「黄金列車」佐藤亜紀著
第2次大戦末期のハンガリー王国ではナチス・ドイツの傀儡政権が成立し、それに伴い大規模な反ユダヤ政策がとられた。1944年12月、敗色が濃厚となった政府は、戦後を見据えて、ユダヤ人から没収した大量の財産を列車に積み込んだ「黄金列車」を首都ブダペストからオーストリアへ移送することにした。
物語は大蔵省の官吏でユダヤ資産管理委員会委員のバログの視点で描かれていく。列車には没収品の管理や警備を担う担当者とその家族、親衛隊、憲兵隊が乗り込み、途中、戦禍を逃れた難民や鉱夫、浮浪児らも加わる。

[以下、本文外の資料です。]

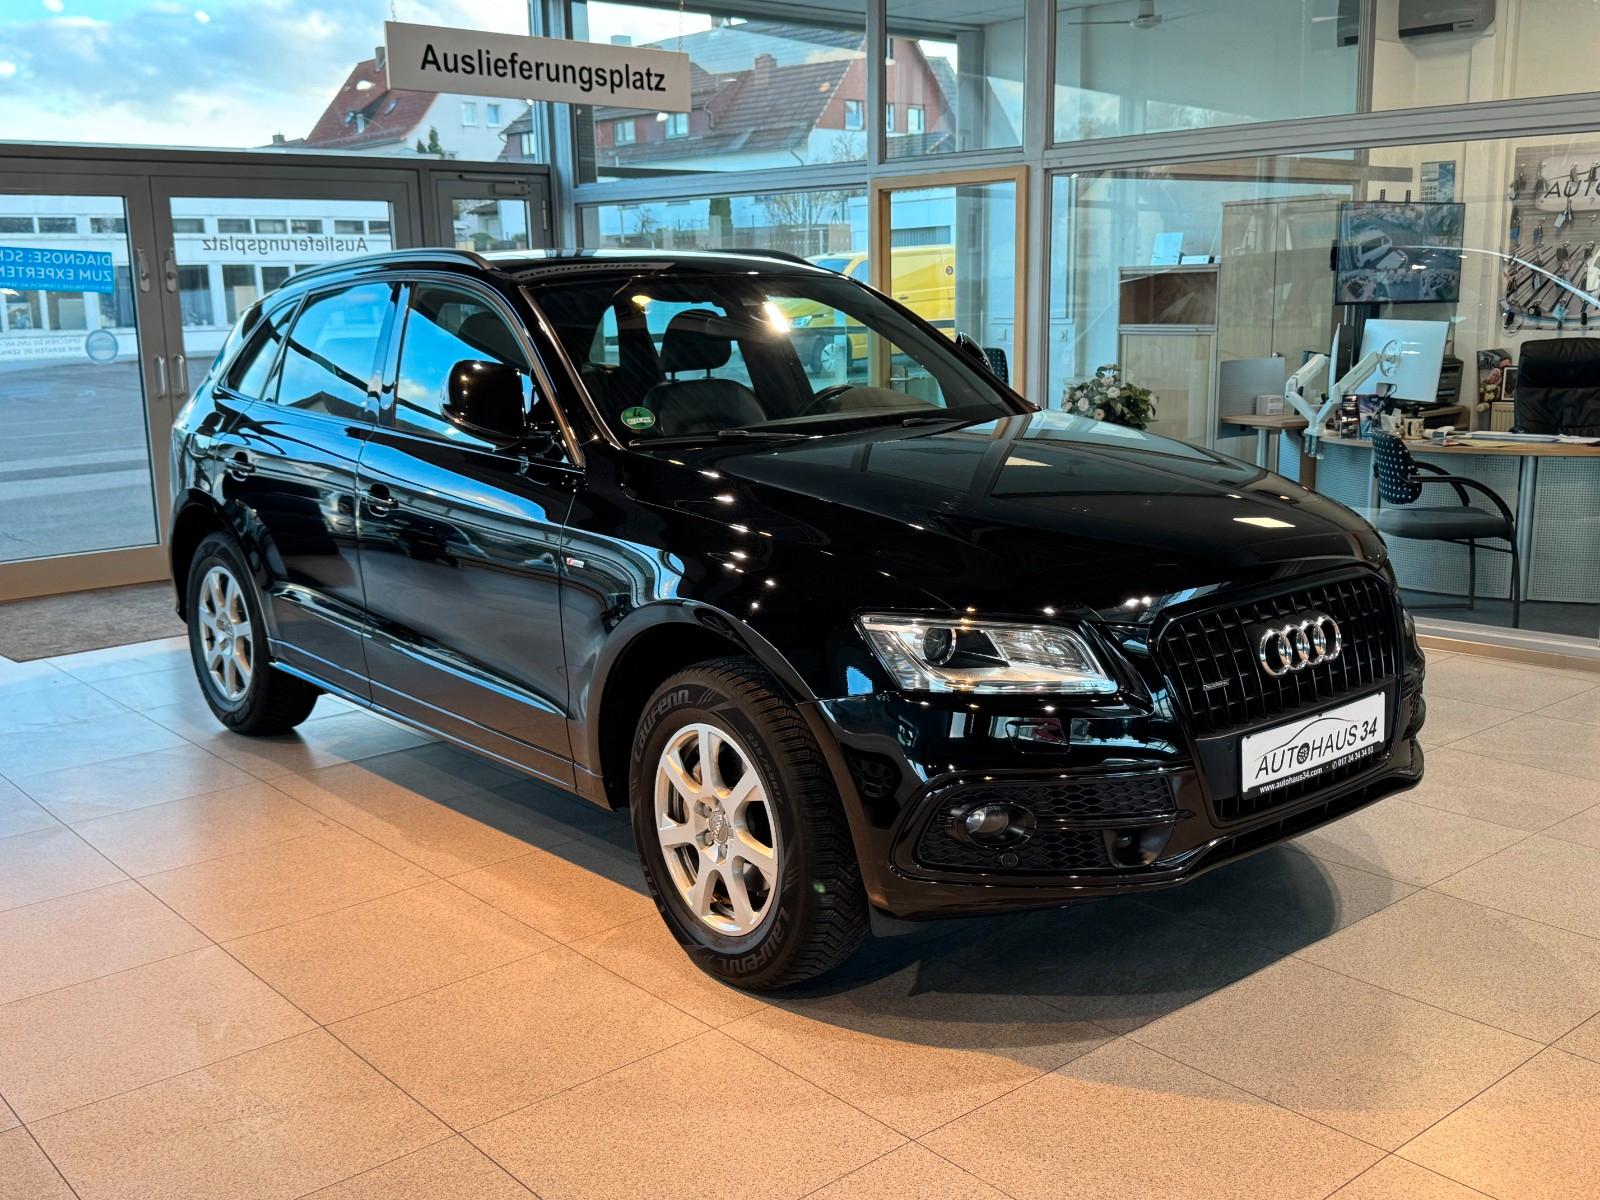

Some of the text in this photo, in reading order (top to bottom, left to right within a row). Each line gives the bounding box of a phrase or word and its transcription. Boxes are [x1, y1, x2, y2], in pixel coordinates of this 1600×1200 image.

彼らの中には列車に積まれた食料や酒、貴金属類を狙う者や賄賂として着服しようとする軍人と、それに対するバログら役人たちの虚々実々の駆け引きが淡々と語られ、合間にバログの妻の思い出やユダヤ人の友人の回想が挟み込まれ、意に染まぬ仕事に加担するバログの内面が描かれる。
無理無体な要求に対して、法律と前例主義を盾に積み荷を守ろうとする役人たちのしたたかさは、現代日本への痛烈な批評ともなっている。